Openclaw has been a gamechanger for me and my friends. I invited it to a groupchat and my friends are enjoying it a lot. It has analyzed the whole group conversation (nothing sensitive), built a personality for each individual user and noted down how everyone talks and what their interest are and their relationship to each other. It has also started to mimic the way we all speak, it barely feels like its an agent in the groupchat anymore. It helps us plan, discuss and roast each other.

A couple of things I have done to my Openclaw instance is the following:

- It runs in docker with limited scope, user group and permissions (I know docker shouldn’t be seen as security measure, I’m thinking of putting this in Vagrant instead but I don’t know if my Pi can handle it)

- It has a kill switch accessible anywhere through Tailscale, one call and the whole docker instance is shut down

- It only triggers on mentions in groupchat, otherwise it would eat up my api usage

- No access to skills, has to be manually added

- It is not exposed to wan and has limited lan access, runs locally and only communicates with whatsapp, z.ai or brave search

With all those measures set, Openclaw has been a fantastic assistant for me and my friends. Whatever all those markdown file does (SOUL, IDENTITY, MEMORIES), it has made the agent act, behave and communicate in a human like manner, it has almost blurred the line for me.

I think this is the key to what made Openclaw so good https://lucumr.pocoo.org/2026/1/31/pi

What’s even more impressive is that the heartbeat it runs time-to-time (every halv an hour?) improves it in the background without me thinking of it, its so cool.

Also, I am so thankful for the subscription at z.ai, that Christmas deal was such a steal, without it, this wouldn’t be possible with the little budget I have. I’ve burned over 20m tokens in 2 days!!!

Could you elaborate more on what you find useful about it? I'm struggling to think of a time where an assistant would have been useful in any chat I've been in, but this seems like you've put a lot of effort into it so it must be doing something for you

I wouldn’t say it has contributed to my quality of life or anything, its more of a fascinating agent to play around with.

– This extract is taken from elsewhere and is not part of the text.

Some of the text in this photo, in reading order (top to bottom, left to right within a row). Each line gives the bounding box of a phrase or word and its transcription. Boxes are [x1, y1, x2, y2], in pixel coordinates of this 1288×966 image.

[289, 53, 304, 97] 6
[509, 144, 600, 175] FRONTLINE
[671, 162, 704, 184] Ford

In terms of social acceptance it has nailed it, that is what makes it so fun to use together.

It could probably become useful if I connected my email, calendar, contacts, a browser and exposed devices/services at home to it. But I am too afraid of doing that to be honest.

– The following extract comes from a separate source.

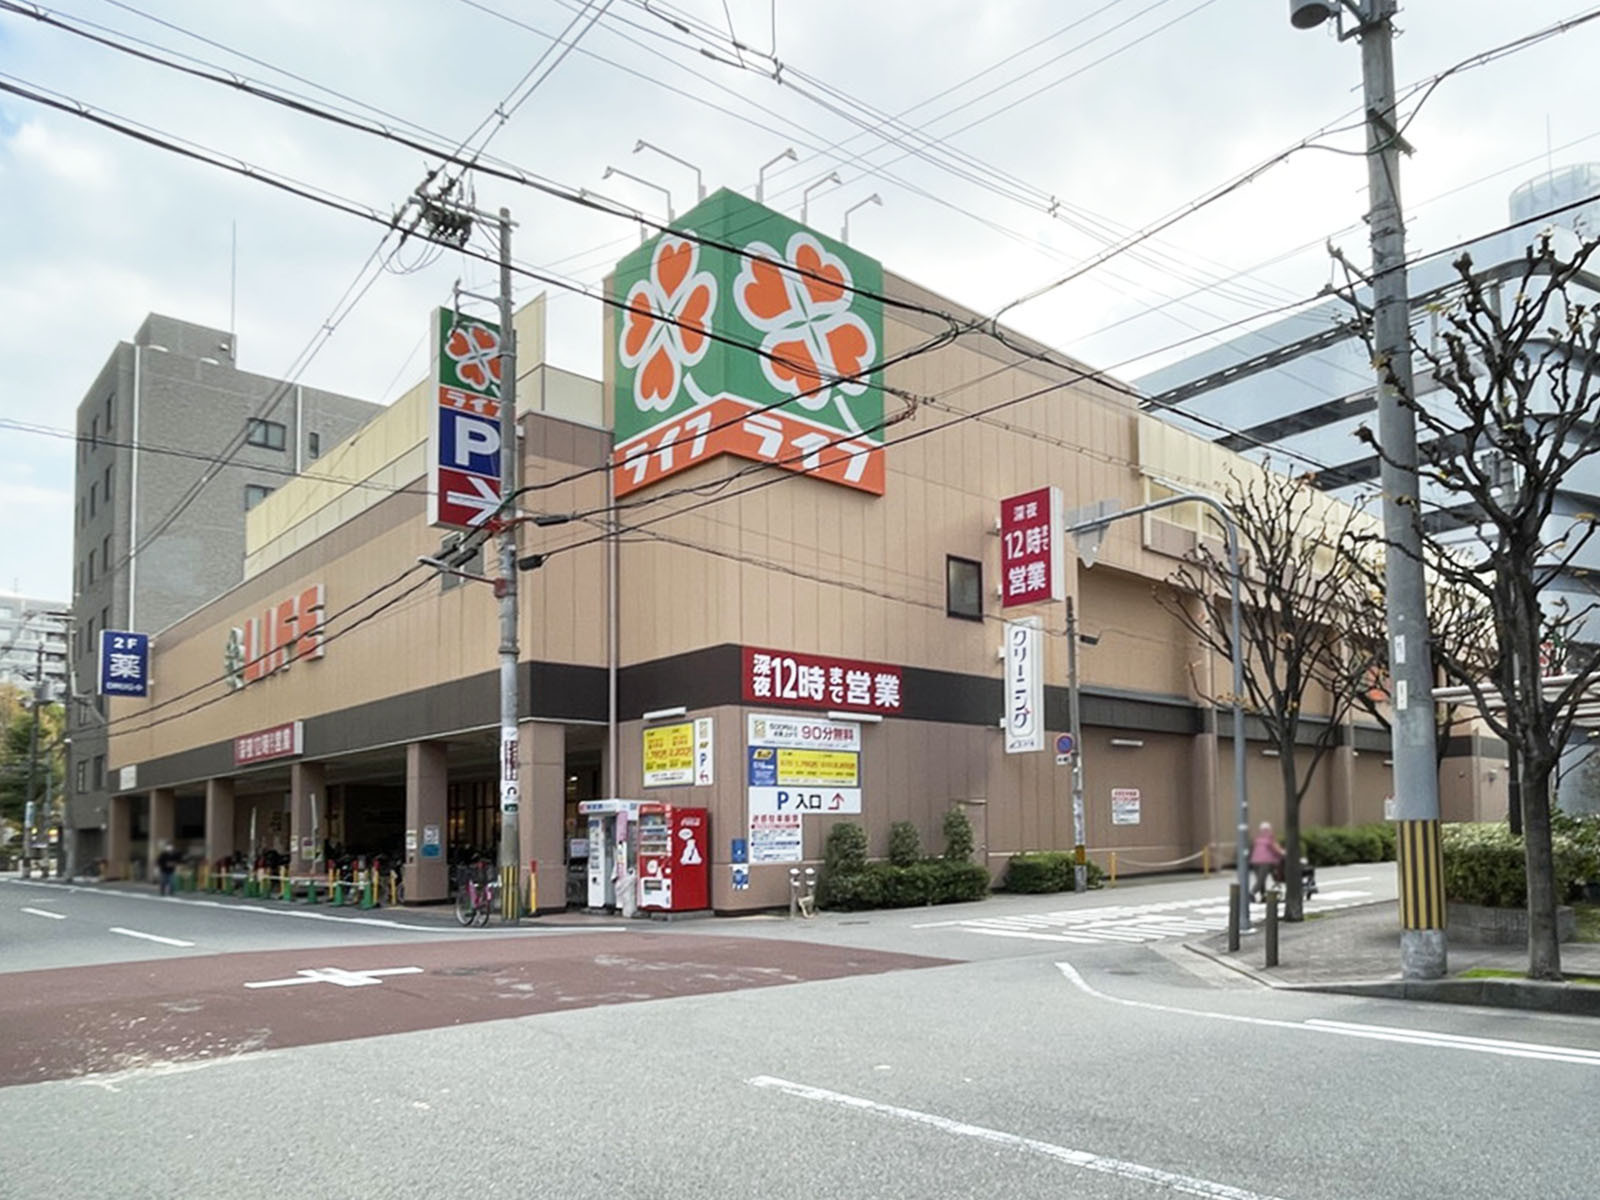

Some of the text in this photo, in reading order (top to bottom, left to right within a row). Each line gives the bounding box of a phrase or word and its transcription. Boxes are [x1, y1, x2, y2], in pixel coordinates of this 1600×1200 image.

Remember, it wakes up every half an hour to see if it has any chores. My fear is it would do something stupid that would affect someone else during the night when I’m asleep.

Given how 'simple' it is, I'm very impressed. With it, we built www.clawx.ai over the weekend, helped fix/repair other projects like interface.supernal.ai (used in testing), launched www.computationrights.org. All while I was doing family things.

It certainly is not perfect. Not completely autonomous. It is much faster than Claude or Cursor.

It's already getting better. We're re-architecting its memory, pulling in research, notes from open source, trial-error it ourselves too.

backlog.md has been nice to help with organization but it is not sufficient for complexity or multiagents etc.

Would you mind telling me which model and version you’re using and what authentication mechanism? Is it piggybacking your Max/Pro subscription or did you settle for using pay-as-you-go API costs?

I use GLM-4.7 by Z.ai.

For authentication mechanism, I guess you mean when the agent calls for the model? It’s through api keys.

The subscription I have is the coding plan lite (3x usage of the Claude Pro plan), ~7$ / quarter.

They're mentioning using 20M tokens via z.ai subscription. GLM 4.7 is probably the model then.

As a piece of software it’s pretty awful frankly. Here’s an example : memories are written using the write function but the write function truncates files. There is an edit function but it requires substitution and can’t append. There is no append function.

It also really depends heavily on large models. It’s not practical so far to run on anything that fits into a 4090 because the tool calling semantics are complex, and the instructions pretty vaguely grounded by default. It requires a lot of prompt tuning to get to work marginally. Probably with a clearer semantic in the tools and some fine tuning things would be better on this front. I’ve tried a variety of quantized high tool following models and it’s pretty hit or miss. The protocols around heartbeat and stuff are unnecessarily complex and agentic when they could more reasonably be imperatively driven. It seems to depend on token burning for life more or less.

I frequently see sessions get confused in its internals and general flakiness.

It however has made me consider what a system like this might look like with a better hierarchical state machine, management interface, hierarchical graph based memory, etc. It’s too bad I’ve got a day job and a family at a time like this! It’s a fun time in computing IMO.